Yes -- the key thing is that the client sees the effects of *another*
client's blacklisting (the client that might have previously held caps
on the file we're about to write/read).  So the client receiving the
barrier message is completely OK and entitled to the caps, he just
needs to make sure his OSD ops don't go out until he's seen the epoch
so that his operations are properly ordered with respect to the
blacklisting of this notional other client.

John

>
>
>> > +
>> > +           dout("handle_caps barrier %d already satisfied (%d)\n", epoch_barrier, osdc->osdmap->epoch);
>> > +           up_read(&osdc->lock);
>> > +   }
>> > +
>> > +   dout("handle_caps v=%d barrier=%d\n", le16_to_cpu(msg->hdr.version), epoch_barrier);
>> > +
>> >     if (le16_to_cpu(msg->hdr.version) >= 8) {
>> >             u64 flush_tid;
>> >             u32 caller_uid, caller_gid;
>> > -           u32 osd_epoch_barrier;
>> >             u32 pool_ns_len;
>> > -           /* version >= 5 */
>> > -           ceph_decode_32_safe(&p, end, osd_epoch_barrier, bad);
>> > +
>> >             /* version >= 6 */
>> >             ceph_decode_64_safe(&p, end, flush_tid, bad);
>> >             /* version >= 7 */
>> > diff --git a/fs/ceph/debugfs.c b/fs/ceph/debugfs.c
>> > index 39ff678e567f..825df757fba5 100644
>> > --- a/fs/ceph/debugfs.c
>> > +++ b/fs/ceph/debugfs.c
>> > @@ -172,6 +172,9 @@ static int mds_sessions_show(struct seq_file *s, void *ptr)

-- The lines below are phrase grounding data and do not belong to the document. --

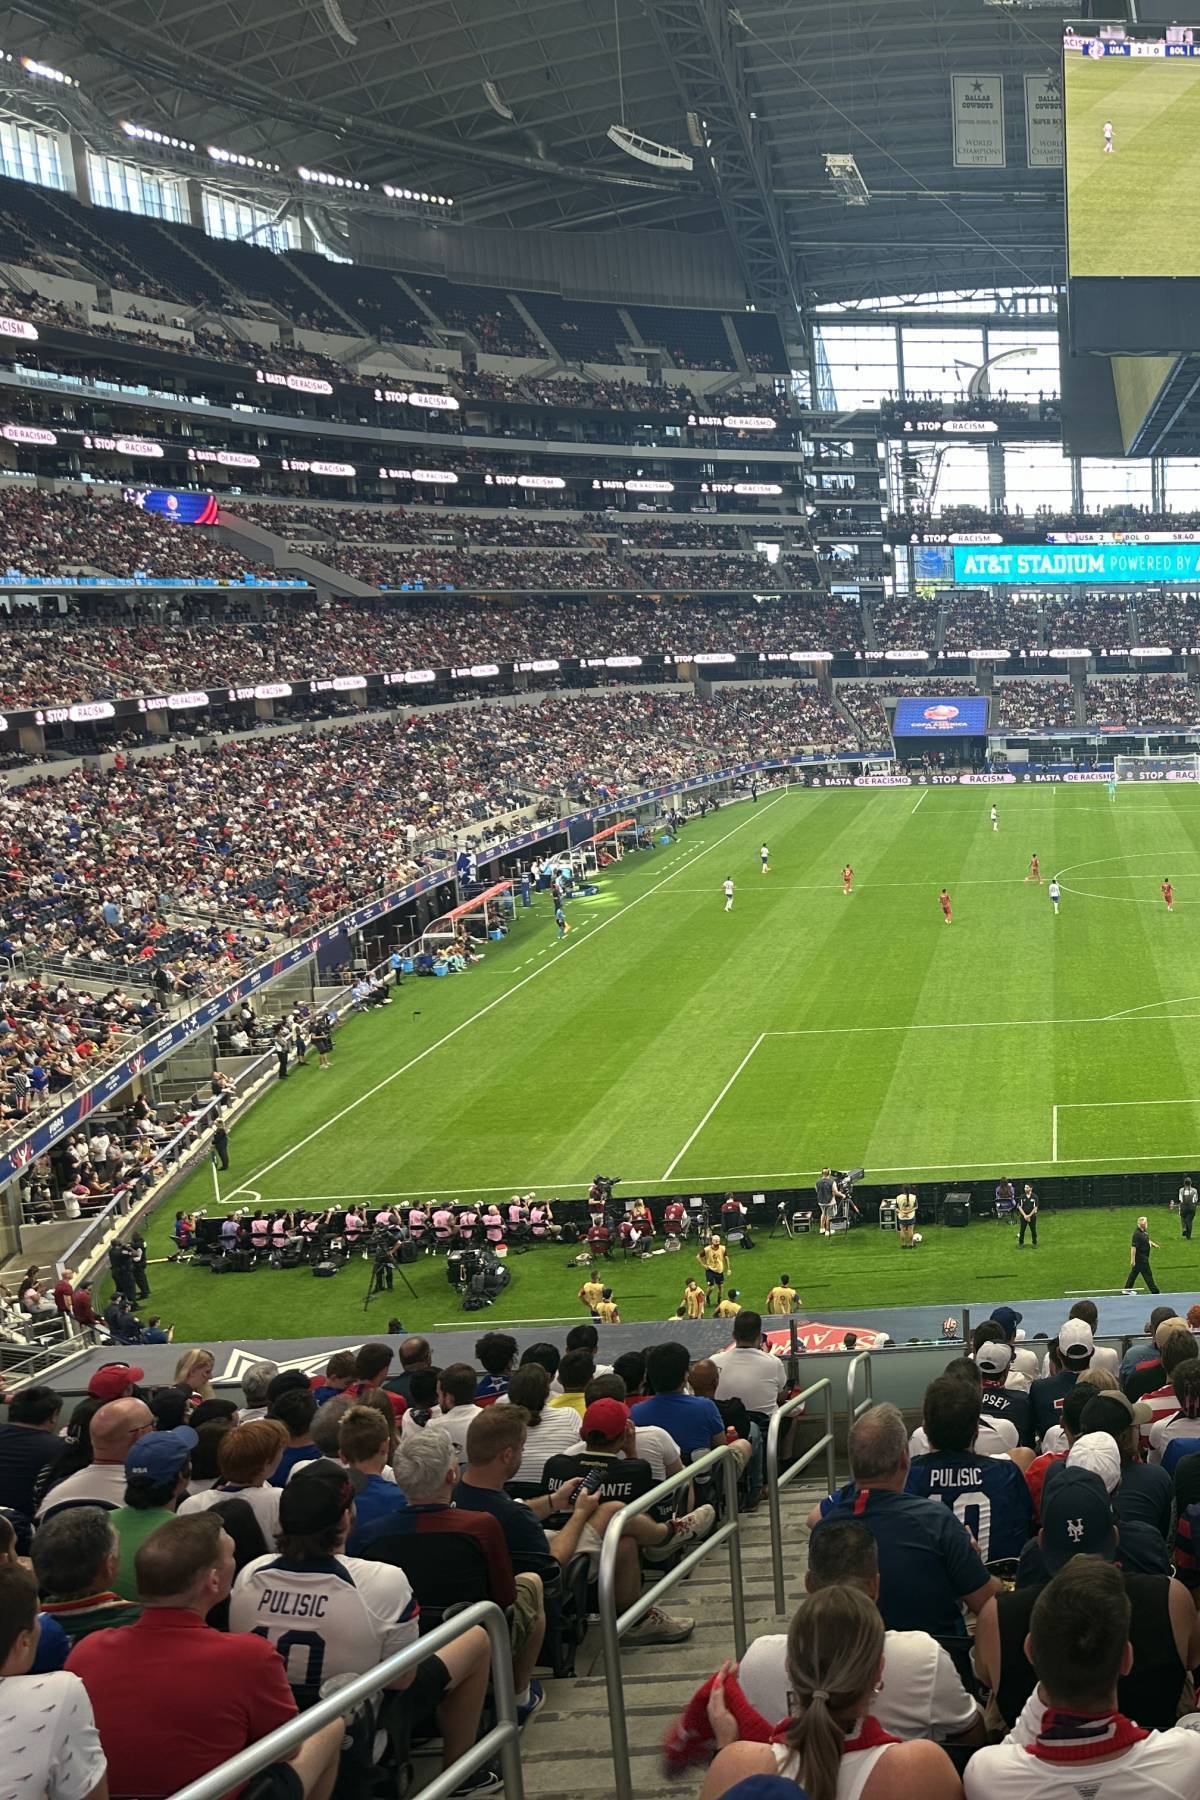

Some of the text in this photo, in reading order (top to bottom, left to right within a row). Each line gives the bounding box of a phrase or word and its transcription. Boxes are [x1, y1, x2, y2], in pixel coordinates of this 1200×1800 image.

[1109, 46, 1125, 54] USA
[0, 318, 25, 334] ACISM
[385, 391, 448, 406] STOP RACISM
[699, 417, 722, 425] BASTA
[917, 422, 941, 431] STOP
[8, 429, 52, 441] DE RACISMO
[95, 439, 152, 452] STOP RACISM
[291, 461, 346, 473] STOP RACISM
[496, 476, 517, 484] STOP
[712, 484, 733, 492] STOP
[923, 534, 946, 543] STOP
[964, 555, 1012, 574] AT&T
[1018, 556, 1105, 574] STADIUM
[1110, 556, 1172, 572] POWERED
[1177, 556, 1191, 570] BY
[237, 689, 254, 699] STOP
[47, 710, 68, 722] STOP
[982, 1394, 1010, 1410] PSEY
[930, 1467, 982, 1487] PULISIC
[548, 1478, 632, 1496] BUANTE
[928, 1492, 991, 1565] 0
[258, 1589, 328, 1617] PULISIC
[250, 1626, 326, 1685] 0
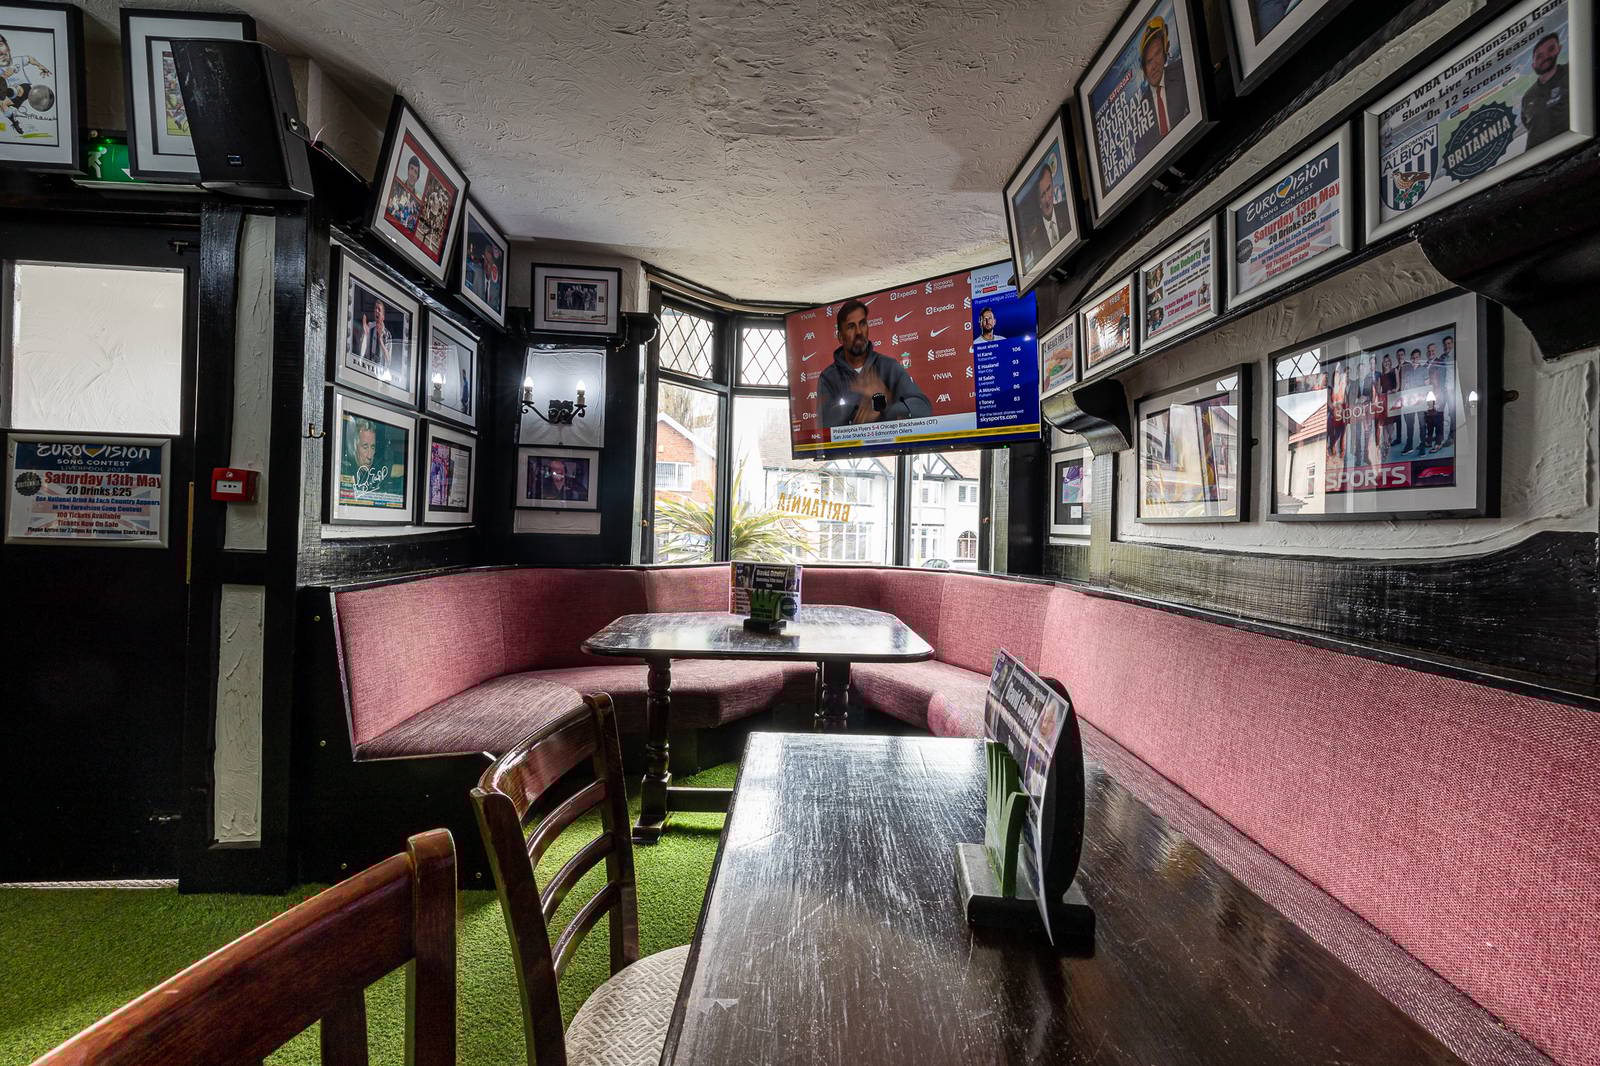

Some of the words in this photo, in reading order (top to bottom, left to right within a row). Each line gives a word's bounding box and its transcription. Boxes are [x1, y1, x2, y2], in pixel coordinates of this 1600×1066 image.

[1384, 98, 1411, 120] Every
[1414, 75, 1441, 99] WBA
[1444, 20, 1527, 80] Championship
[1402, 97, 1436, 121] Shown
[1439, 80, 1462, 99] Live
[1465, 59, 1493, 80] This
[1496, 26, 1545, 61] Season
[1426, 108, 1440, 120] On
[1445, 94, 1459, 110] 12
[1462, 63, 1512, 99] Screens
[1096, 91, 1127, 132] SOCCER
[1098, 87, 1143, 147] SATURDAY
[1100, 99, 1150, 159] EVACUATED
[1102, 149, 1118, 176] DUE
[1119, 136, 1131, 157] TO
[1133, 108, 1156, 144] FIRE
[1383, 134, 1435, 173] ALBION
[1447, 115, 1512, 169] BRITANNIA
[1104, 146, 1137, 189] ALARM!
[1253, 211, 1295, 244] Saturday
[1296, 196, 1318, 218] 13th
[1319, 181, 1341, 204] May
[1260, 206, 1279, 220] SONG
[1280, 182, 1314, 208] CONTEST
[1268, 232, 1278, 246] 20
[1278, 220, 1301, 240] Drinks
[1302, 210, 1317, 224] £25
[897, 290, 918, 298] Expedia
[934, 304, 954, 312] Expedia
[932, 372, 952, 380] YNWA
[936, 393, 951, 403] AXA
[1334, 398, 1384, 422] sports
[980, 414, 1017, 422] skysports.com
[44, 472, 104, 486] Saturday
[106, 474, 134, 486] 13th
[136, 474, 161, 488] May
[66, 486, 78, 495] 20
[80, 486, 110, 496] Drinks
[112, 487, 132, 497] £25
[1326, 466, 1406, 490] SPORTS
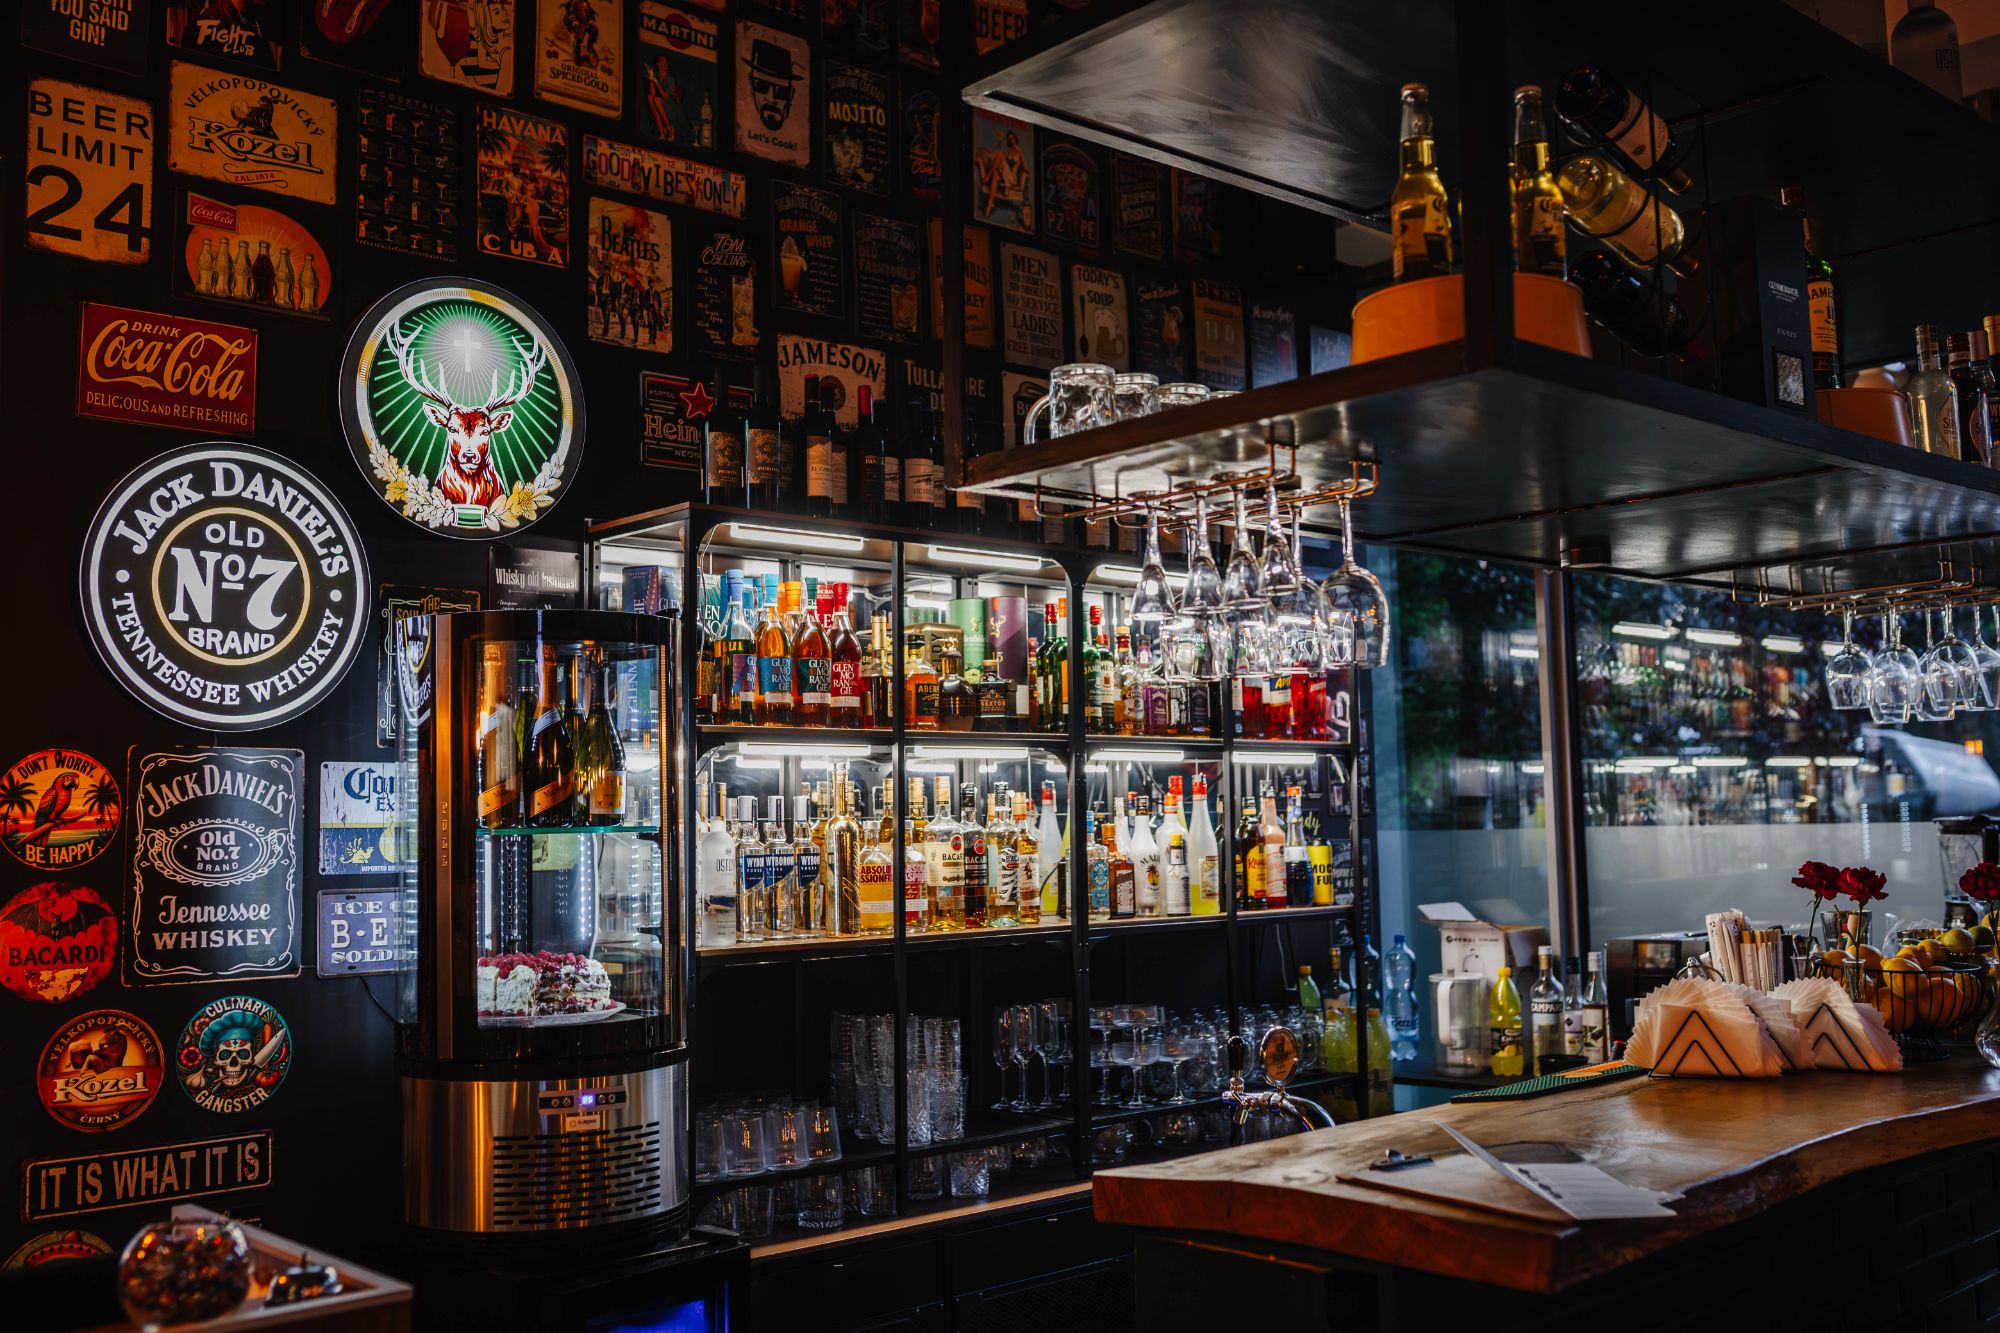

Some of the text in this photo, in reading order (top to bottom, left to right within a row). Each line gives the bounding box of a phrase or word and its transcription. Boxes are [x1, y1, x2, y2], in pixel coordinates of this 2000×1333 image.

>> >     /* The -o name mount argument */
>> >     seq_printf(s, "name \"%s\"\n", opt->name ? opt->name : "");
>> >
>> > +   /* The latest OSD epoch barrier known to this client */
>> > +   seq_printf(s, "osd_epoch_barrier \"%d\"\n", mdsc->cap_epoch_barrier);
>> > +
>> >     /* The list of MDS session rank+state */
>> >     for (mds = 0; mds < mdsc->max_sessions; mds++) {
>> >             struct ceph_mds_session *session =
>> > diff --git a/fs/ceph/mds_client.c b/fs/ceph/mds_client.c
>> > index 176512960b14..7055b499c08b 100644
>> > --- a/fs/ceph/mds_client.c
>> > +++ b/fs/ceph/mds_client.c
>> > @@ -393,6 +393,7 @@ void ceph_put_mds_session(struct ceph_mds_session *s)
>> >     dout("mdsc put_session %p %d -> %d\n", s,
>> >          atomic_read(&s->s_ref), atomic_read(&s->s_ref)-1);
>> >     if (atomic_dec_and_test(&s->s_ref)) {
>> > +           WARN_ON_ONCE(cancel_work_sync(&s->s_delayed_caps_work));
>> >             if (s->s_auth.authorizer)
>> >                     ceph_auth_destroy_authorizer(s->s_auth.authorizer);
>> >             kfree(s);
>> > @@ -432,6 +433,74 @@ static int __verify_registered_session(struct ceph_mds_client *mdsc,
>> >     return 0;
>> > }
>> >
>> > +static void handle_osd_map(struct ceph_osd_client *osdc, void *p)
>> > +{
>> > +   struct ceph_mds_client *mdsc = (struct ceph_mds_client*)p;
>> > +   u32 cancelled_epoch = 0;
>> > +   int mds_id;
>> > +
>> > +   lockdep_assert_held(&osdc->lock);
>> > +
>> > +   if ((osdc->osdmap->flags & CEPH_OSDMAP_FULL) ||
>> > +       ceph_osdc_have_pool_full(osdc))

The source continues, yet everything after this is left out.